One of my partners recently made the statement "Gross Retention basically never lies" and pointed to the fact that the most successful companies in Toba's portfolio (or that we've seen outside the portfolio) had very low Gross Churn (same ideas as high retention) compared to their peer companies, regardless of whether they had super robust NRR or not. Very high Gross Retention is obviously correlated with high NRR, but that's not always the case. You could have a super sticky product with minimal upsell (high Gross Retention but modest NRR), and you could have a very churny product with great upsell (low Gross Retention but high NRR). In our observation, at least for most early stage businesses, the former beats the latter.
Why? I have 4 main reasons for this:
Gross Retention can precede Net Retention. A company with excellent Gross Retention is a company that has captured customer attention and commitment by delivering significant value compared to price. You know that a company in this situation is doing something very right (or is a monopoly). Vendors in this situation tend to have a very receptive customer base who is willing to buy more things from them; in fact they often explicitly ask the software provider if they'd be willing to sell them more stuff. Hence, you can build an NRR story later, even if you don't have a meaningful upsell motion today, as long as the vast majority of your clients want to keep paying you year after year after year.
A high NRR business coupled with low gross retention is hiding a major leaky-buck problem that will only grow as time goes on. I recently saw a SaaS company with 130% NRR and 67% annualized gross/logo retention. This is an awesome way to foolishly pat oneself on the back for your terrific NRR as you literally lose 1/3rd of your entire client base each and every year. A third! Nota bene that the inverse company (high gross retention but modest NRR) does not have a leaky bucket problem, nor is it in a situation where it's likely to deceive itself about how well it's actually doing.
Net expansion cannot continue forever. Let's say you have a company that reports a 150% 12-month NRR. This means that the average $10k account will expand to $15k by the end of that client's first year as a customer. It does not mean that the average account will compound in size at 50% annually forever (to $22.5k next year, to $33.75k the next year, to $50.6k the next, etc etc etc). It certainly could be that expansion continues for many years (usage-based products like Twilio and Snowflake and AWS can see expansion for a very long time) but this is not something that you should assume will continue in perpetuity. In contrast, you could find a nominally strong NRR in a two-product company that has a single upsell product to sell into their base. Once you upgrade everyone onto both products, you have no further upsell story, unless you can find something else to sell them. This is just another instance where NRR can be deceiving.

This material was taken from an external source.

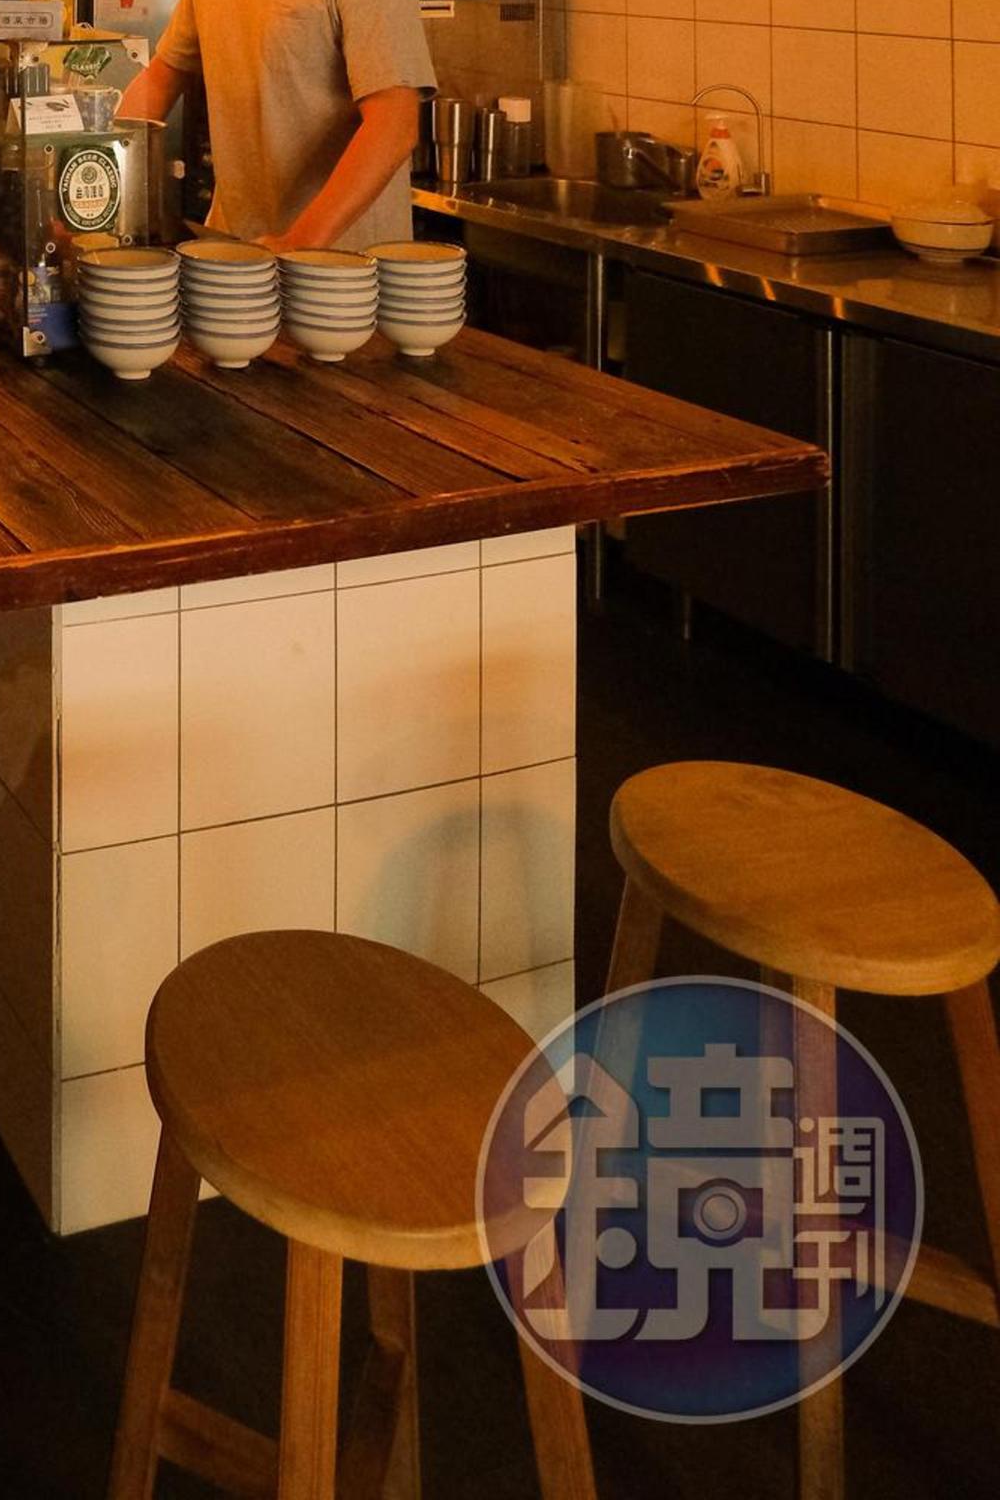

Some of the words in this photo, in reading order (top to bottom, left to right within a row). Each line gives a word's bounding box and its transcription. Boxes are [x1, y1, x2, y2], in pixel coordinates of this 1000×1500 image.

Net retention can be gamed. Imagine you are a savvy entrepreneur who has noticed that super high NRR companies are valued at insane multiples. You set up a pricing scheme where each client pays you $1,000 for their first year of service but $10,000 to renew for the following year. 50% of your clients say no, which means that 50% of your clients said yes. Voilà, your NRR is 500%, and you just got an iMessage notification from one of the GPs at Tiger Global (just kidding).